§ **EXCERPTED RECORDS**
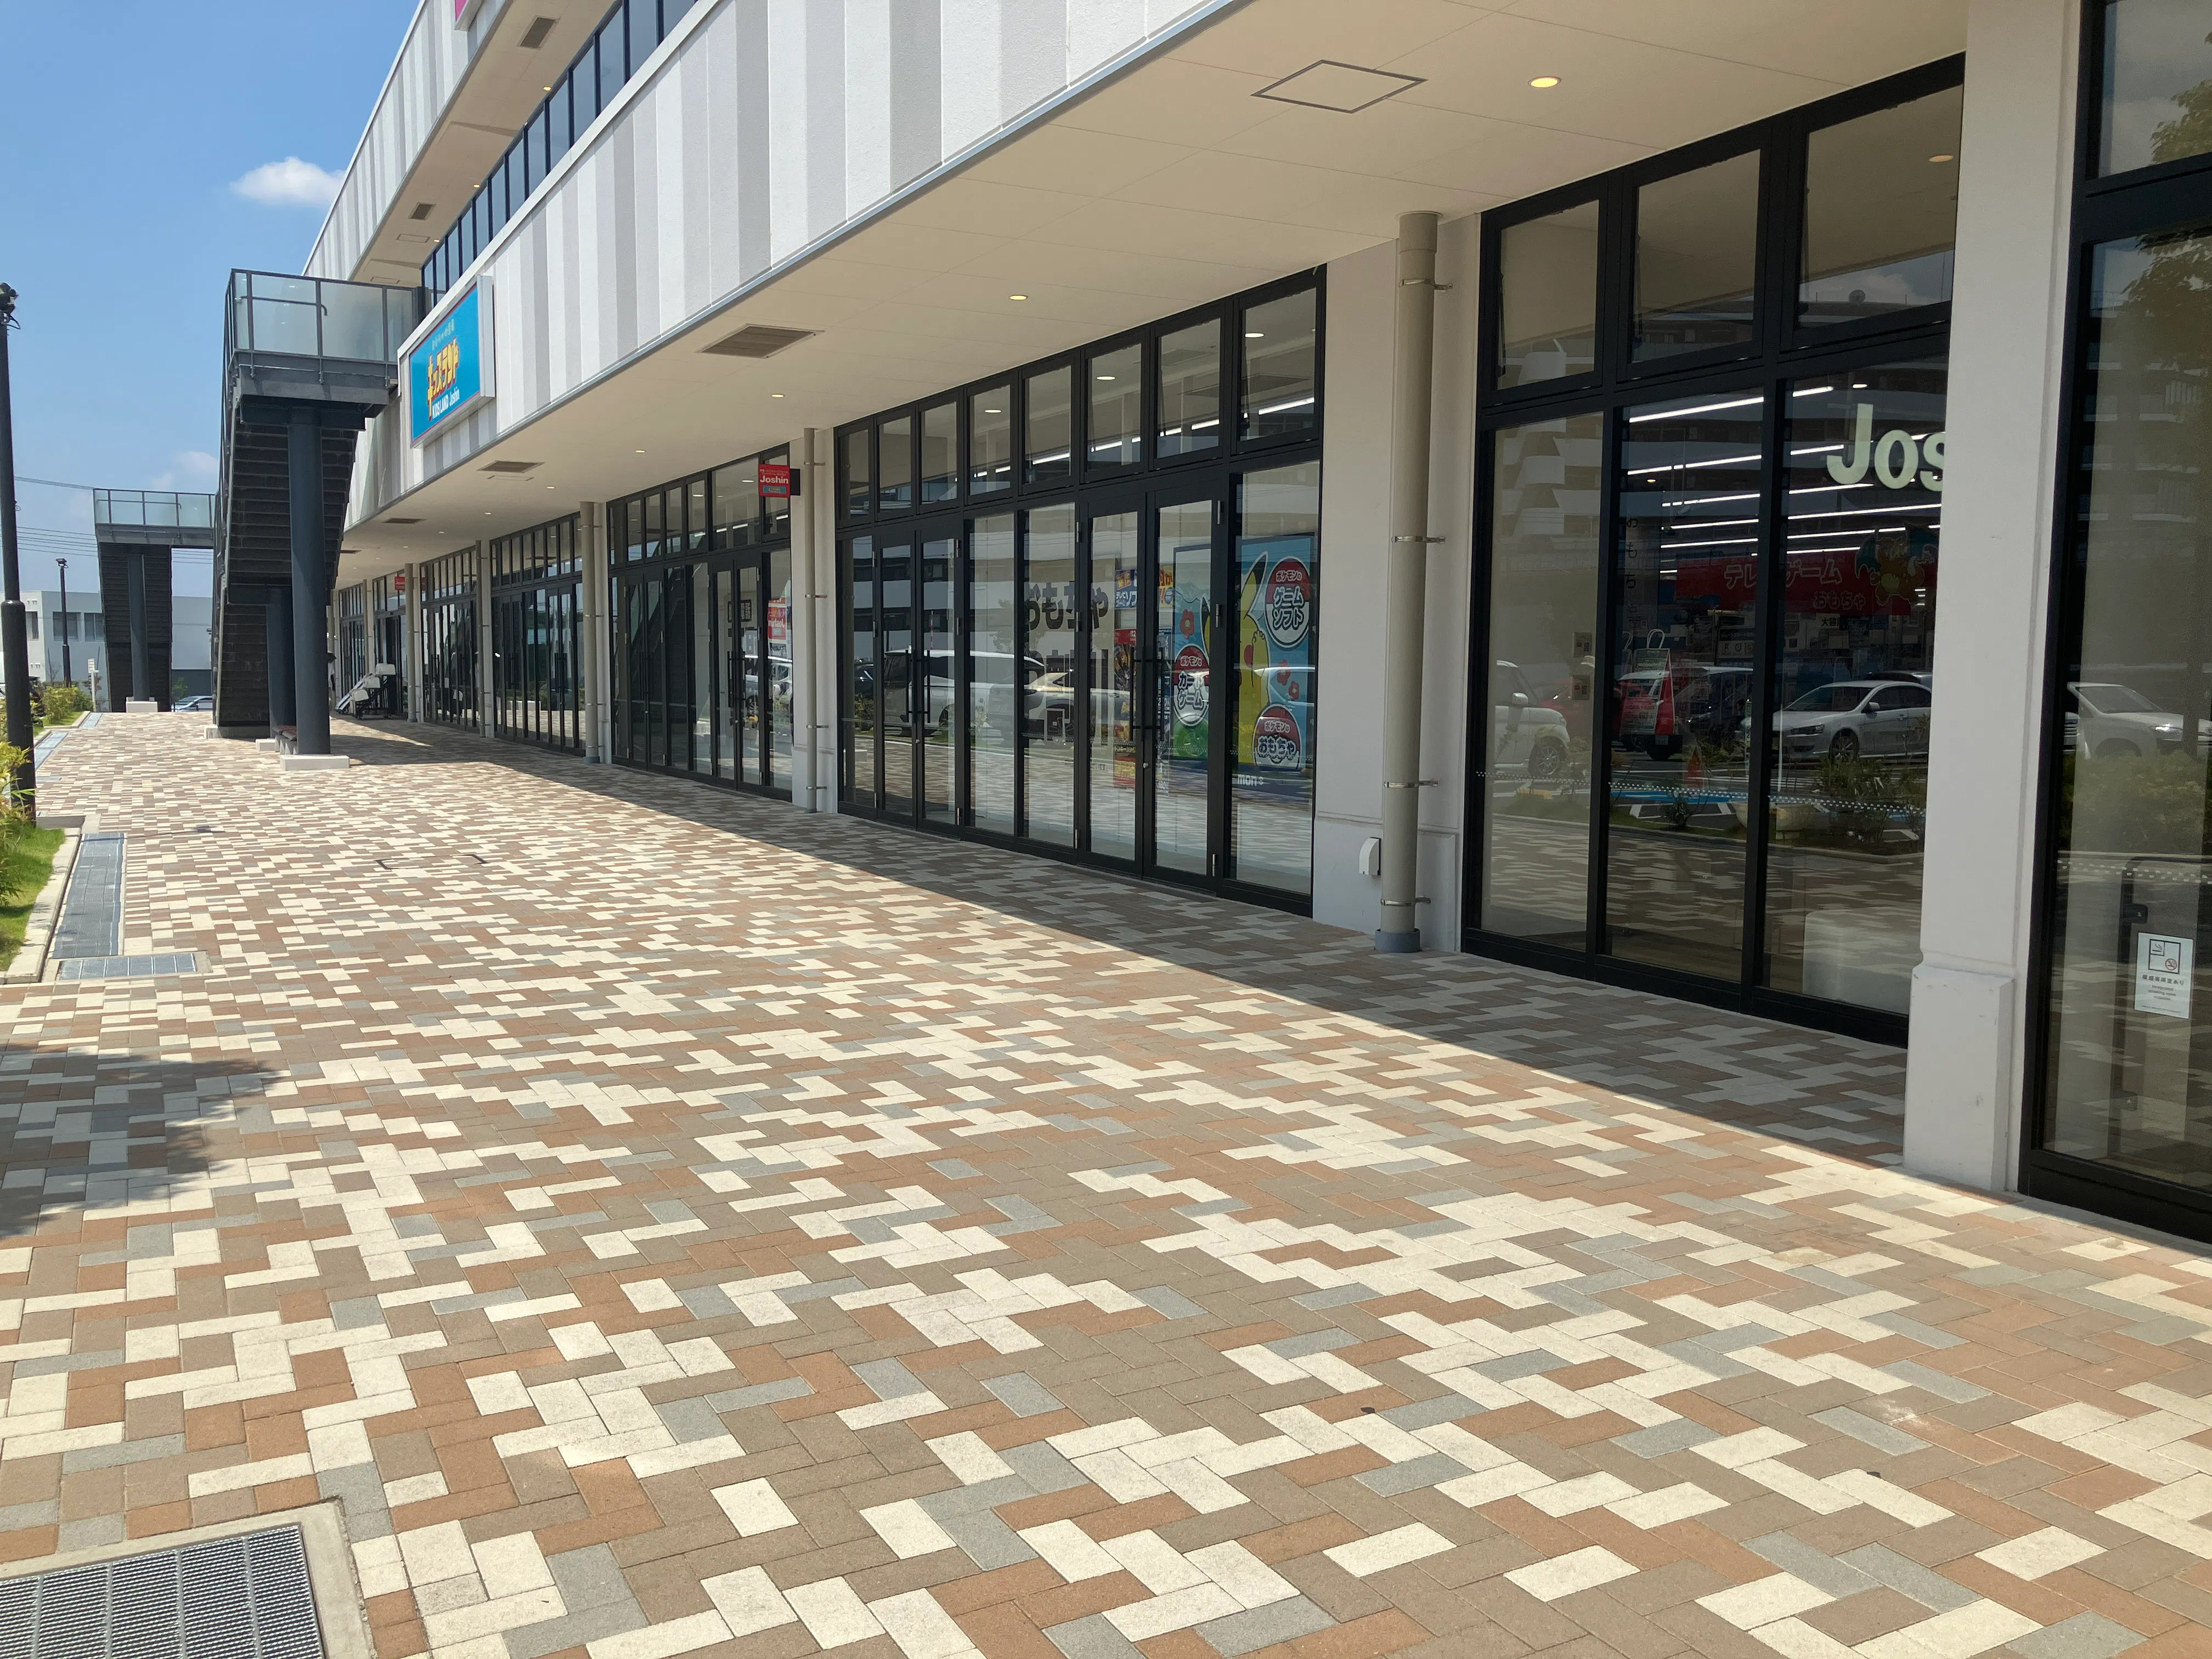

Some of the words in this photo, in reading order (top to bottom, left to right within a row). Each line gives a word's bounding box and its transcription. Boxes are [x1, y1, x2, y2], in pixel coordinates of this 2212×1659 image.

[449, 386, 460, 406] Joshin
[1826, 403, 1945, 492] Jos
[760, 475, 788, 484] Joshin
[1276, 570, 1302, 582] ポケモンの
[1723, 558, 1842, 589] テレゲーム
[1273, 586, 1304, 607] ゲーム
[1813, 590, 1866, 611] おもちゃ
[1273, 608, 1305, 629] ソフト
[1180, 656, 1202, 667] ポケモンの
[1178, 690, 1204, 709] ゲーム
[1265, 721, 1290, 733] ポケモンの
[1258, 736, 1296, 757] おもちゃ

§ **ASSIGNMENT**
Each record above must be retyped exactly. Omit the pictures.

§ **EXERCISE OUTPUT**
Some of the words in this photo, in reading order (top to bottom, left to right within a row). Each line gives a word's bounding box and its transcription. Boxes are [x1, y1, x2, y2], in pixel coordinates of this 2212×1659 image.

[449, 386, 460, 406] Joshin
[1826, 403, 1945, 492] Jos
[760, 475, 788, 484] Joshin
[1276, 570, 1302, 582] ポケモンの
[1723, 558, 1842, 589] テレゲーム
[1273, 586, 1304, 607] ゲーム
[1813, 590, 1866, 611] おもちゃ
[1273, 608, 1305, 629] ソフト
[1180, 656, 1202, 667] ポケモンの
[1178, 690, 1204, 709] ゲーム
[1265, 721, 1290, 733] ポケモンの
[1258, 736, 1296, 757] おもちゃ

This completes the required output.